In a wonderful coincidence of sorts, Ken Burns 18-hour Vietnam War series began showing on PBS this week. I don’t know if those of you in other countries around the world will have ready access to it or not, but it’s well worth watching.
Today, I’ll offer a glimpse of my arrival and first night in Vietnam. Next month I’ll have an extended feature on these anniversaries, the book and more in the October Eagle Peak Quarterly. In the meantime, I’ll be offering excerpts from the book on John Maberry’s Writing. So if you haven’t yet subscribed to John Maberry’s Writing, now’s the time. I don’t use a hated popup but you’ll easily find the subscription box on the sidebar. Later this fall, I’ll publish a slightly revised and updated tenth anniversary edition of Waiting for Westmoreland with a foreword, a preface and some snippets from a sequel of sorts to be published in 2019.
Here’s the book excerpt:
On the ground at last, after the long flight from Guam, the plane taxied past sandbag-clad heavy steel revetments surrounding bombers and fighters on three sides. As we rolled to a stop, the flight attendant popped the door, allowing the cool cabin air to escape. Tropical heat—asphalt-softening, frying eggs on a sidewalk heat—washed in like a sunny surf, carrying unfamiliar smells. It was Saigon in late September 1967. A throng of cheering khaki-clad soldiers in loose formation waved and beckoned to us from the tarmac at Tan Son Nhut. They laughed and shouted as kids on a playground, all the while looking about as secret service agents do during a presidential walk on a crowded street. A year later, I would better understand their uneasy excitement. Barring a last-minute attack, they had survived their year in Vietnam. They would fly back to “the world” in the plane we exited.

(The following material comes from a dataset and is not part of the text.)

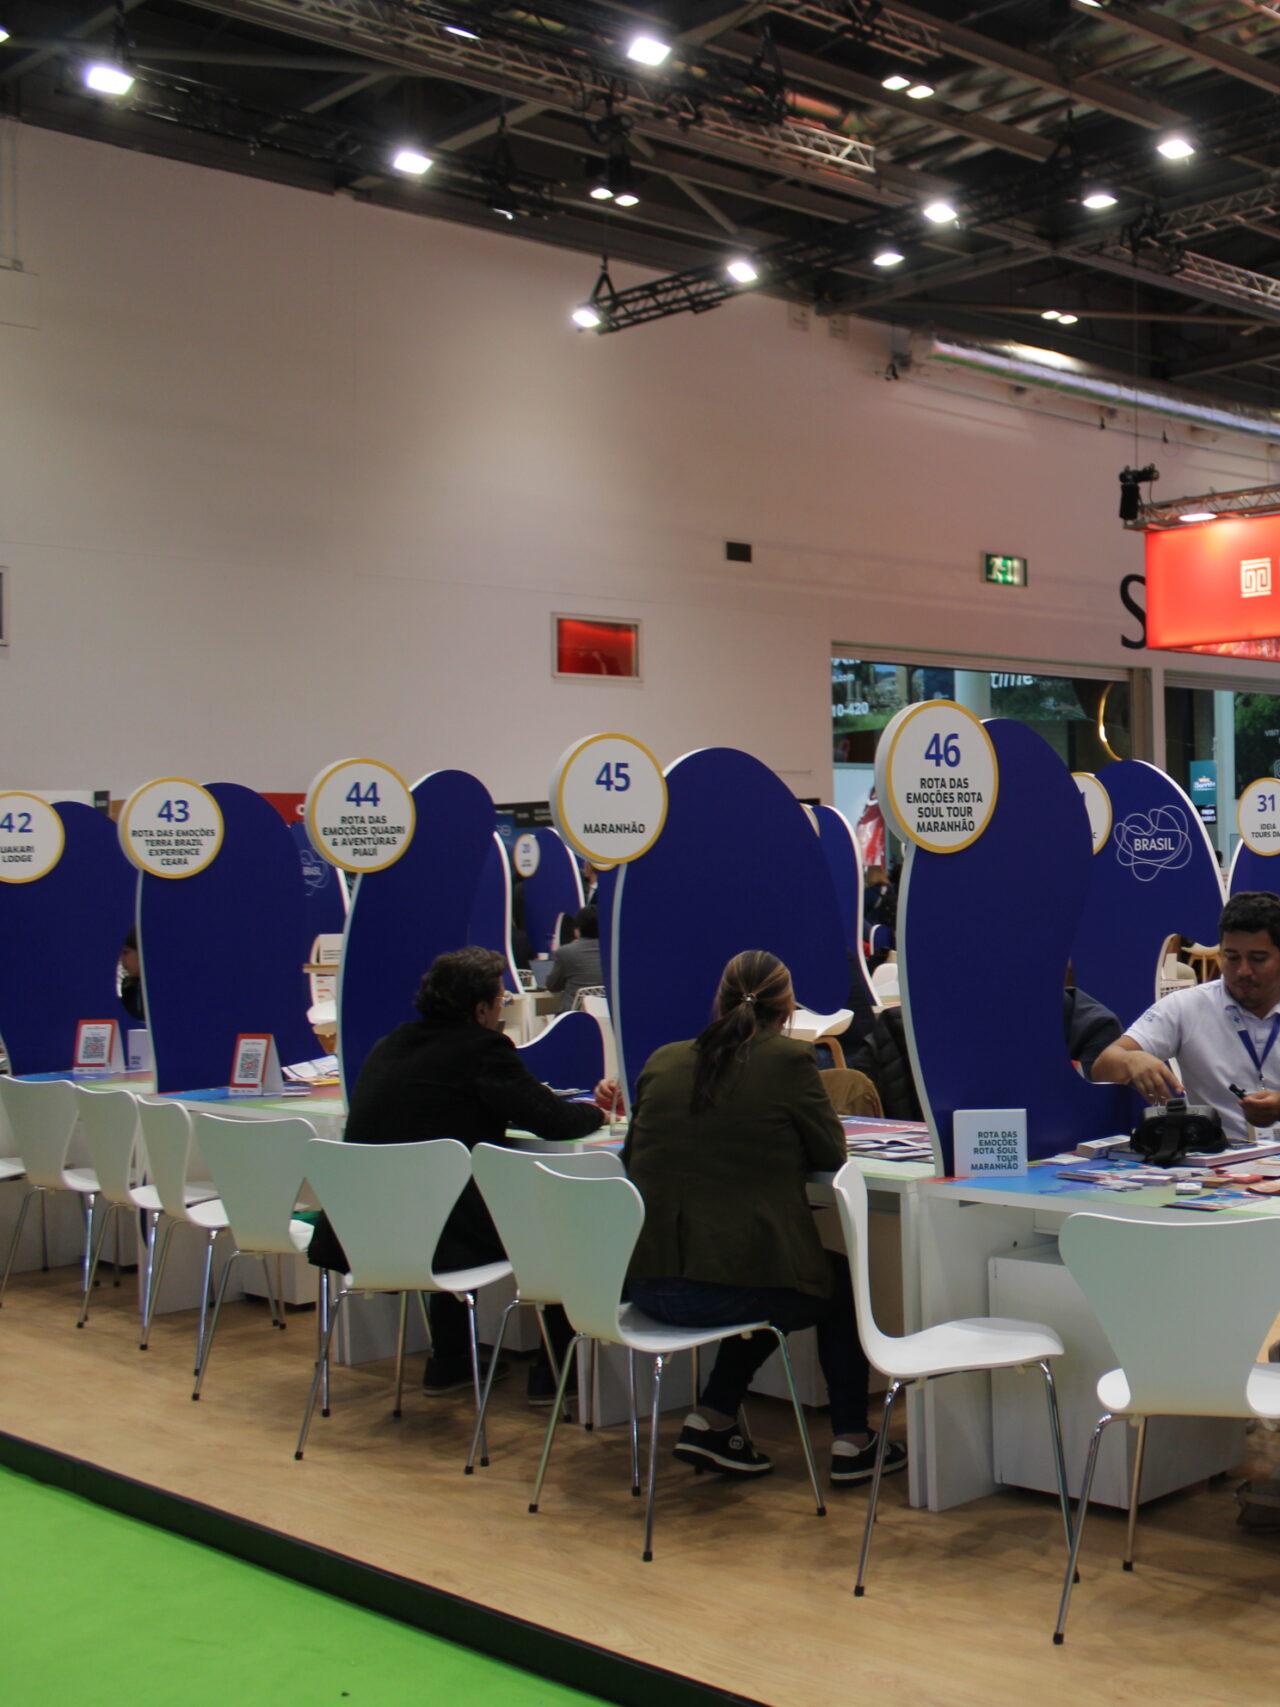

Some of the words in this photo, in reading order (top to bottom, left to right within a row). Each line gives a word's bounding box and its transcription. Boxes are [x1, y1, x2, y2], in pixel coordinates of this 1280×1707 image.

Wasting no time assembling here, we went straight from the ramp onto a prison bus. At least it looked like one. The kind of bus that hauls convict work gangs around some places in America, guarded by shotgun-shouldered Bubbas in Smokey hats. Only we weren’t the criminals. The bars and mesh covering the windows were there to protect us. How odd, I thought, we were here to protect the Vietnamese but we must be protected from them. Yet, on the busy streets we traveled, other military personnel walked freely about or rode in jeeps while Vietnamese civilians sped about on mopeds and bicycles. Other locals fearlessly shopped at the colorful stalls crowding sidewalks along the narrow streets. It was the first of many incongruities, in a year filled with them.

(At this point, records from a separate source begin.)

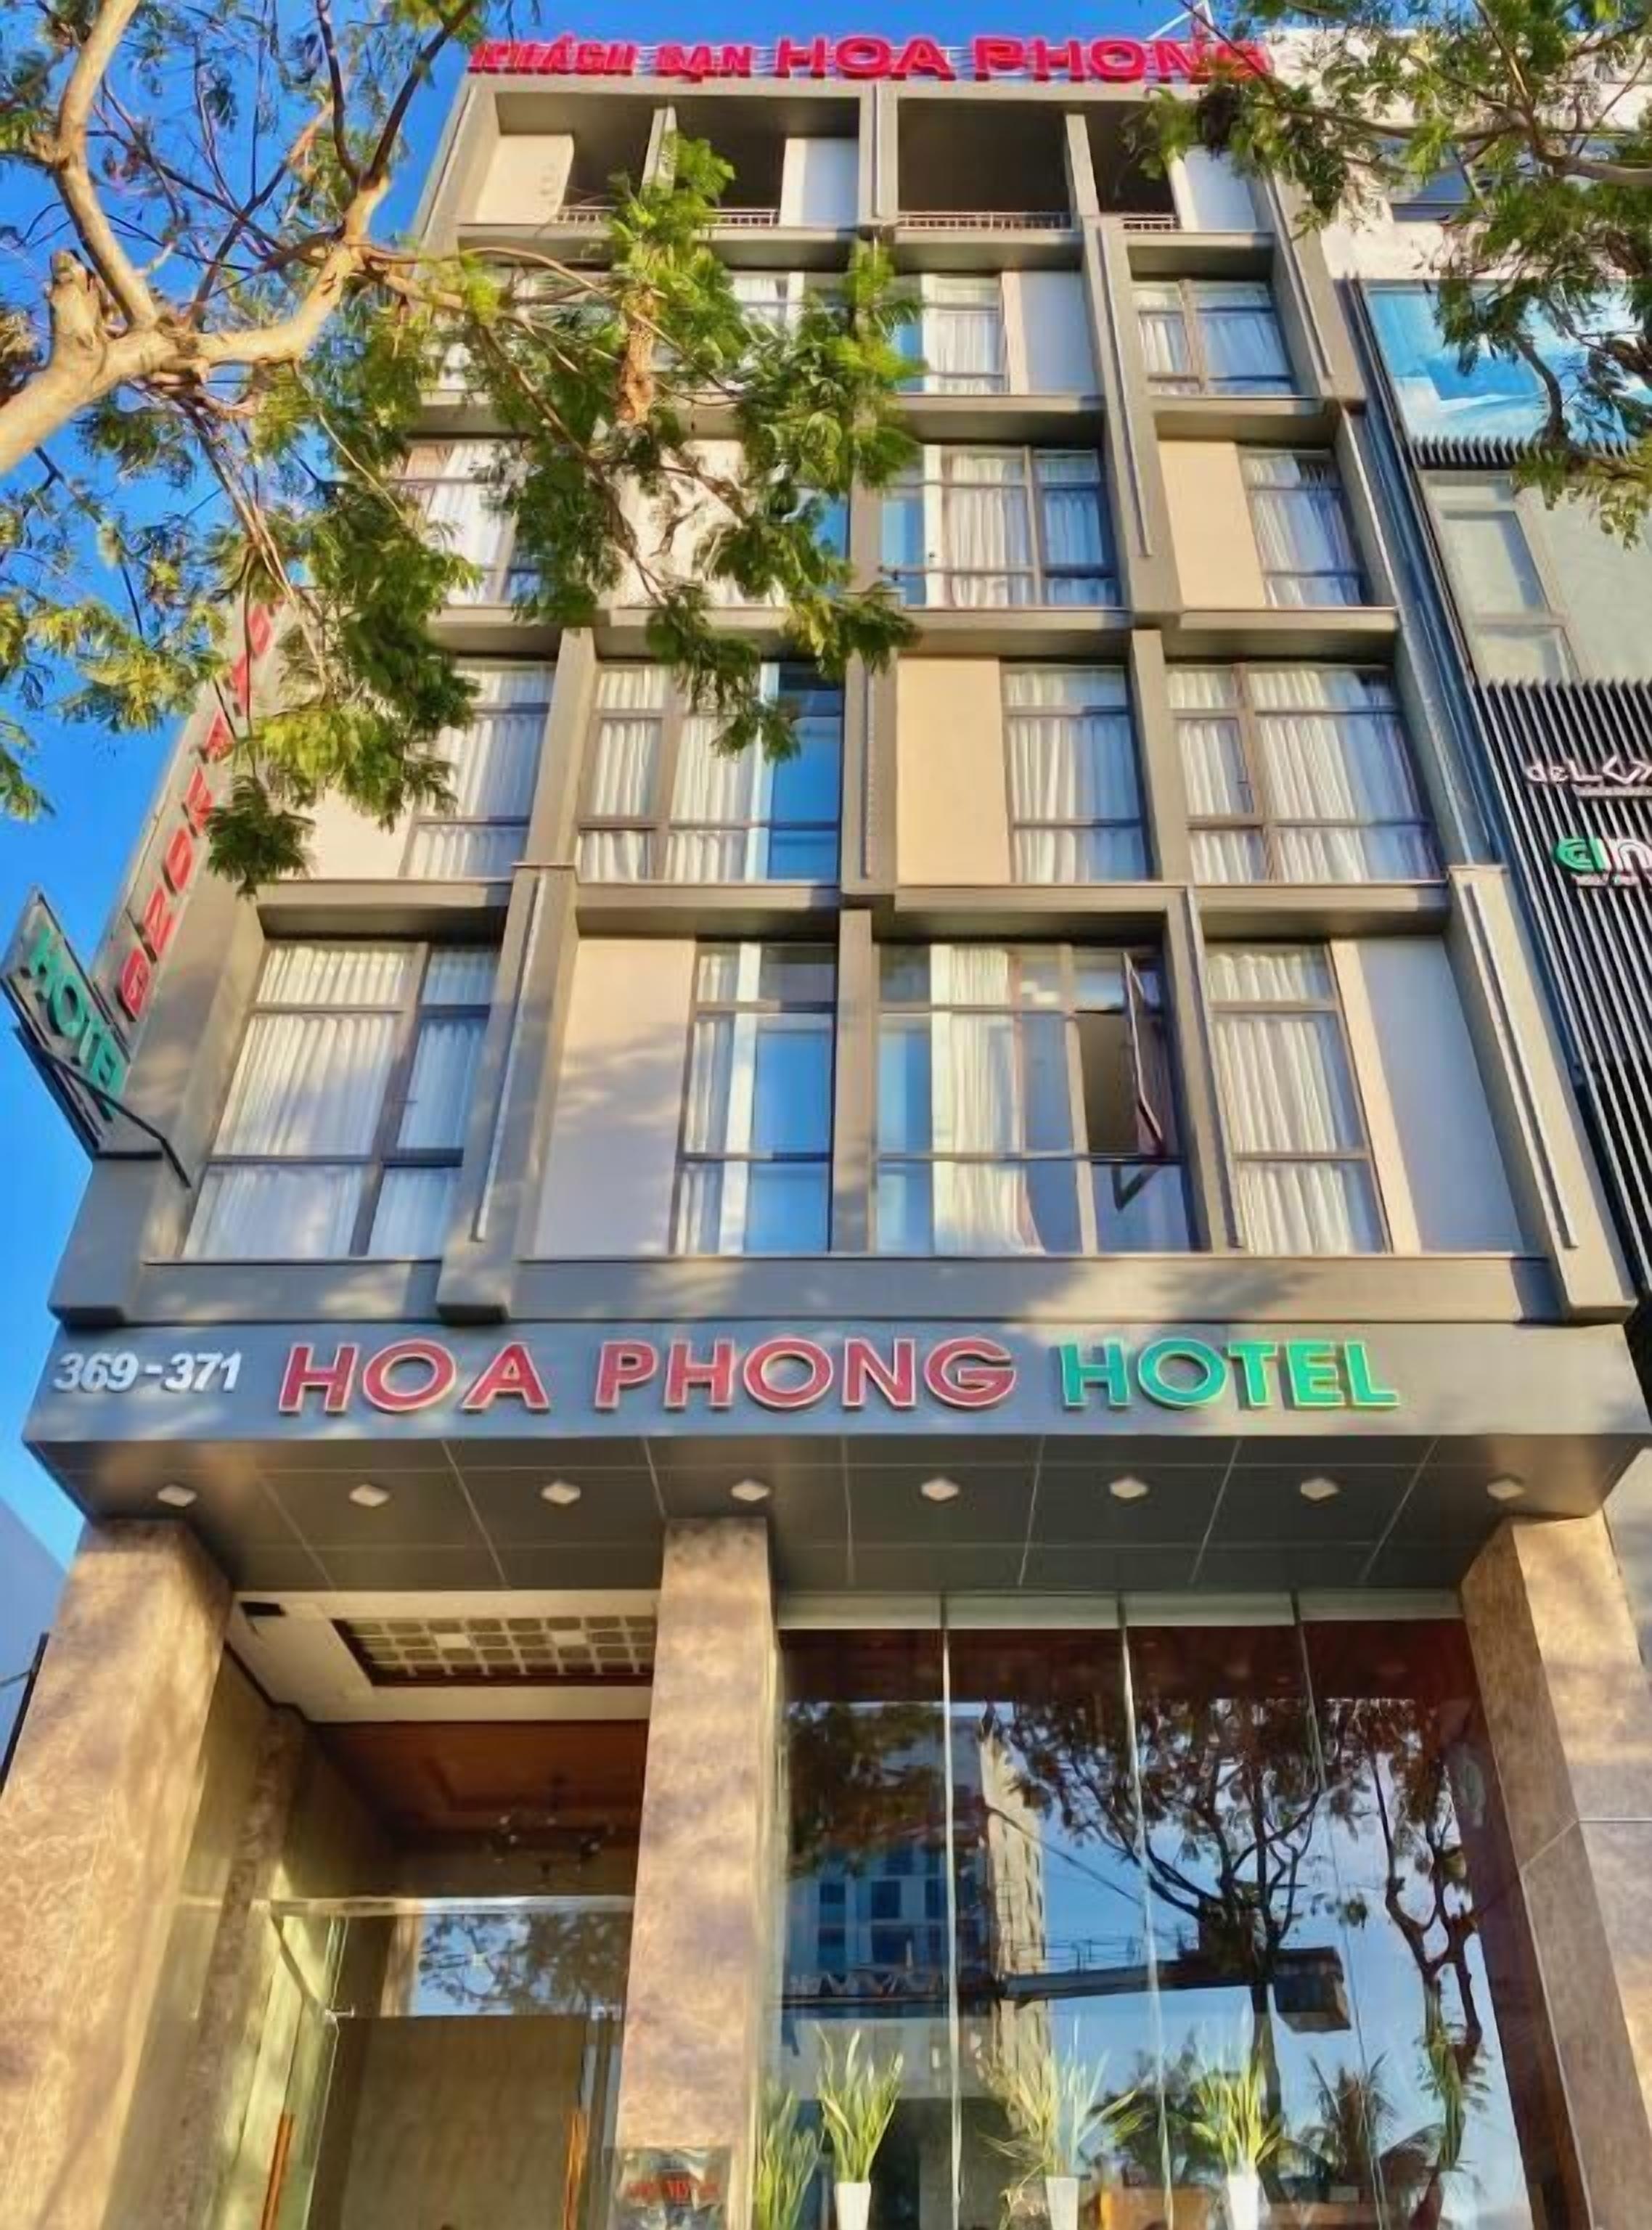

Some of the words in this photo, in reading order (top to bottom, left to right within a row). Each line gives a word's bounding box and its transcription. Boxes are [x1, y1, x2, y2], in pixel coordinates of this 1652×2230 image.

[774, 36, 956, 81] HOA
[53, 1352, 244, 1394] 369-371
[278, 1340, 549, 1413] HOA
[594, 1337, 1018, 1412] PHONG
[1059, 1337, 1401, 1412] HOTEL

Wealth and poverty, filth and beauty fought for my attention along the 16-mile route to Long Binh for in-country processing. Shacks of wooden ammo crates topped by rusty tin roofs stood next to trash-strewn alleys plied by scavenging birds and occasional cats. Nearby, women emerged from stone buildings of faded grandeur, wearing brightly hued pastel ao dais, snug from neck to waist but billowing in the breeze over their black silk pants. People of all ages carried huge loads on bent backs—bags from the market, bundles of straw or wood. Nearing a river away from the city, workers with conical straw hats strapped under their chins and pants rolled to their knees waded in muddy rice paddies. Further on, we passed the lush green of a rubber plantation, its opulent mansion only slightly tarnished by this or previous wars.

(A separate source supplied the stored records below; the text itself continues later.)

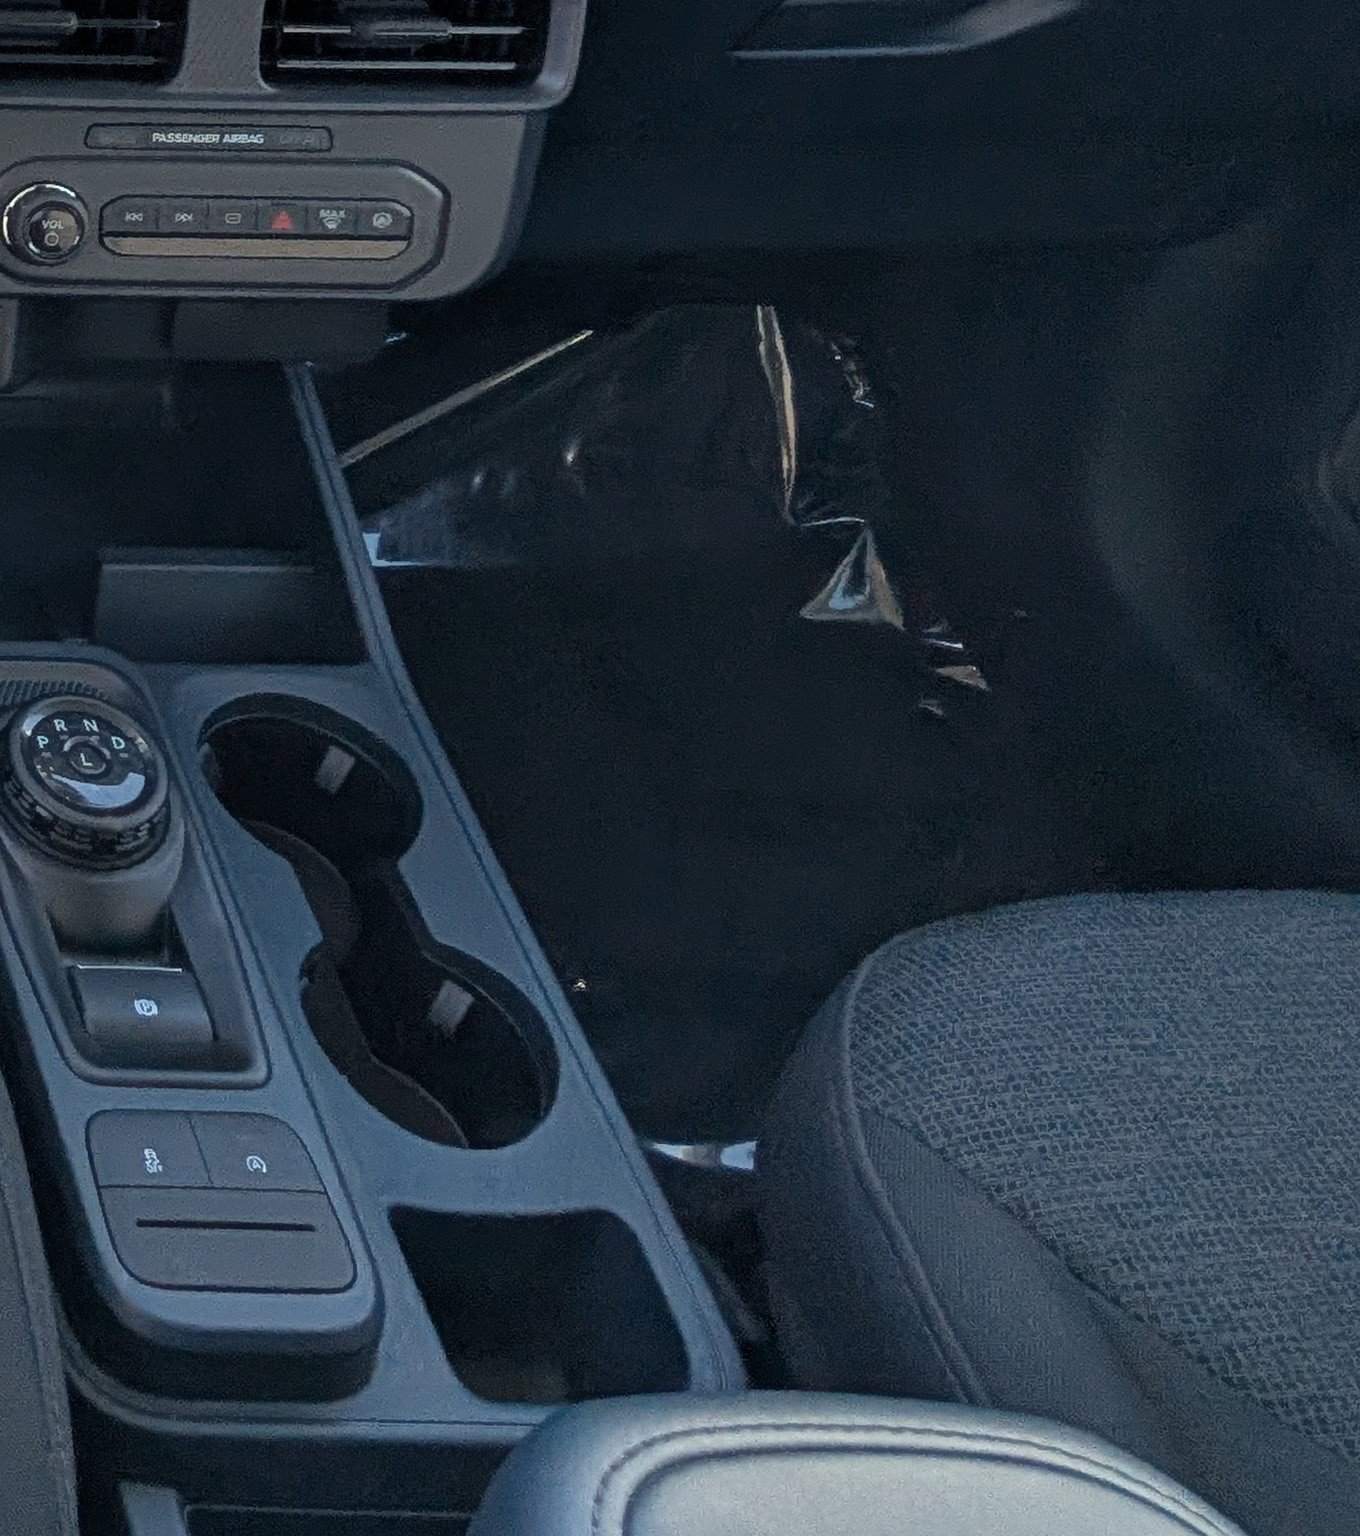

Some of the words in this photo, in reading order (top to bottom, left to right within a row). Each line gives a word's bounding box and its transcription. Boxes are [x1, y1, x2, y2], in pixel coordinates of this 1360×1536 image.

[151, 132, 220, 144] PASSENGER
[222, 133, 265, 144] AIRBAG
[42, 219, 64, 230] VOL
[54, 719, 67, 732] R
[83, 719, 99, 732] N
[37, 736, 49, 749] P
[111, 736, 125, 749] D
[81, 753, 93, 766] L

I don’t remember at all, the afternoon arrival at Long Binh. So much of military existence is filled with an unremitting and unremarkable sameness. Hurry up and wait. “Assemble in a column of twos. Close it up ‘til your buddy smiles!” I do remember that first night in-country bunked under the cover of a circus-sized tent. Intermittently throughout the night, bright flares fell from the sky on parachutes, illuminating the nearby countryside as they swung to and fro. Muffled sounds of rifle fire, far away artillery and other ordnance unfamiliar to my ears rumbled through my head. Adrenaline-fueled wariness overcame weariness, shorting my sleep. Later, I would learn there was no fighting nearby and the flares were just routine. On the first night, however, fear filled me with dread.